Keeping every word and mark, copy all of the data.

ENTRIES SUPPLIED:
== Segment start ==

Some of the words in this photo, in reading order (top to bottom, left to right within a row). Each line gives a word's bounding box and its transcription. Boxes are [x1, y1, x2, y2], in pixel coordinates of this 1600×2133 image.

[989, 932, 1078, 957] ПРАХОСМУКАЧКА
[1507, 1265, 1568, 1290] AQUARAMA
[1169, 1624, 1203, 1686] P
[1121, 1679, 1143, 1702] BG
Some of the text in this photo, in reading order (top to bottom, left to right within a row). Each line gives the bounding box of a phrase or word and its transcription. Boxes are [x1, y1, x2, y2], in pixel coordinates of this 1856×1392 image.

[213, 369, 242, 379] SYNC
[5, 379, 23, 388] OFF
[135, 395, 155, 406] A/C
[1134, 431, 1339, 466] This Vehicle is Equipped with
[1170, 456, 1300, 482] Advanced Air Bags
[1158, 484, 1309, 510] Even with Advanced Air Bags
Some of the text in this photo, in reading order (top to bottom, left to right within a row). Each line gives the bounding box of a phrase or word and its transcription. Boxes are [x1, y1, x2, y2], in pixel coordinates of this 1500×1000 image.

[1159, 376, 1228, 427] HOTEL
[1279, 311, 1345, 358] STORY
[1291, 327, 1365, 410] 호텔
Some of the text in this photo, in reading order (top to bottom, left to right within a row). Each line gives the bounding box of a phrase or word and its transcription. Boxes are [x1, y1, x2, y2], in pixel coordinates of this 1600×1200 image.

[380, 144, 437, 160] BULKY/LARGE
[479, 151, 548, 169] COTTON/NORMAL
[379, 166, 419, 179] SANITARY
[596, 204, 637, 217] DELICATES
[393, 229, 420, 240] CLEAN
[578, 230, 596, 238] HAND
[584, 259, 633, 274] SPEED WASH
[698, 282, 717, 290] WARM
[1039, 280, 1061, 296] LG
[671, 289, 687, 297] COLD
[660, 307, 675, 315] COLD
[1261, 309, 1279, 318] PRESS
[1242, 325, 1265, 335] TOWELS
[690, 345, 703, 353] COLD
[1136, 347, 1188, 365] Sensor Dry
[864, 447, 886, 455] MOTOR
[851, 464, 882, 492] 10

== Segment end ==

RESPONSE BELOW:
Some of the words in this photo, in reading order (top to bottom, left to right within a row). Each line gives a word's bounding box and its transcription. Boxes are [x1, y1, x2, y2], in pixel coordinates of this 1600×2133 image.

[989, 932, 1078, 957] ПРАХОСМУКАЧКА
[1507, 1265, 1568, 1290] AQUARAMA
[1169, 1624, 1203, 1686] P
[1121, 1679, 1143, 1702] BG
Some of the text in this photo, in reading order (top to bottom, left to right within a row). Each line gives the bounding box of a phrase or word and its transcription. Boxes are [x1, y1, x2, y2], in pixel coordinates of this 1856×1392 image.

[213, 369, 242, 379] SYNC
[5, 379, 23, 388] OFF
[135, 395, 155, 406] A/C
[1134, 431, 1339, 466] This Vehicle is Equipped with
[1170, 456, 1300, 482] Advanced Air Bags
[1158, 484, 1309, 510] Even with Advanced Air Bags
Some of the text in this photo, in reading order (top to bottom, left to right within a row). Each line gives the bounding box of a phrase or word and its transcription. Boxes are [x1, y1, x2, y2], in pixel coordinates of this 1500×1000 image.

[1159, 376, 1228, 427] HOTEL
[1279, 311, 1345, 358] STORY
[1291, 327, 1365, 410] 호텔
Some of the text in this photo, in reading order (top to bottom, left to right within a row). Each line gives the bounding box of a phrase or word and its transcription. Boxes are [x1, y1, x2, y2], in pixel coordinates of this 1600×1200 image.

[380, 144, 437, 160] BULKY/LARGE
[479, 151, 548, 169] COTTON/NORMAL
[379, 166, 419, 179] SANITARY
[596, 204, 637, 217] DELICATES
[393, 229, 420, 240] CLEAN
[578, 230, 596, 238] HAND
[584, 259, 633, 274] SPEED WASH
[698, 282, 717, 290] WARM
[1039, 280, 1061, 296] LG
[671, 289, 687, 297] COLD
[660, 307, 675, 315] COLD
[1261, 309, 1279, 318] PRESS
[1242, 325, 1265, 335] TOWELS
[690, 345, 703, 353] COLD
[1136, 347, 1188, 365] Sensor Dry
[864, 447, 886, 455] MOTOR
[851, 464, 882, 492] 10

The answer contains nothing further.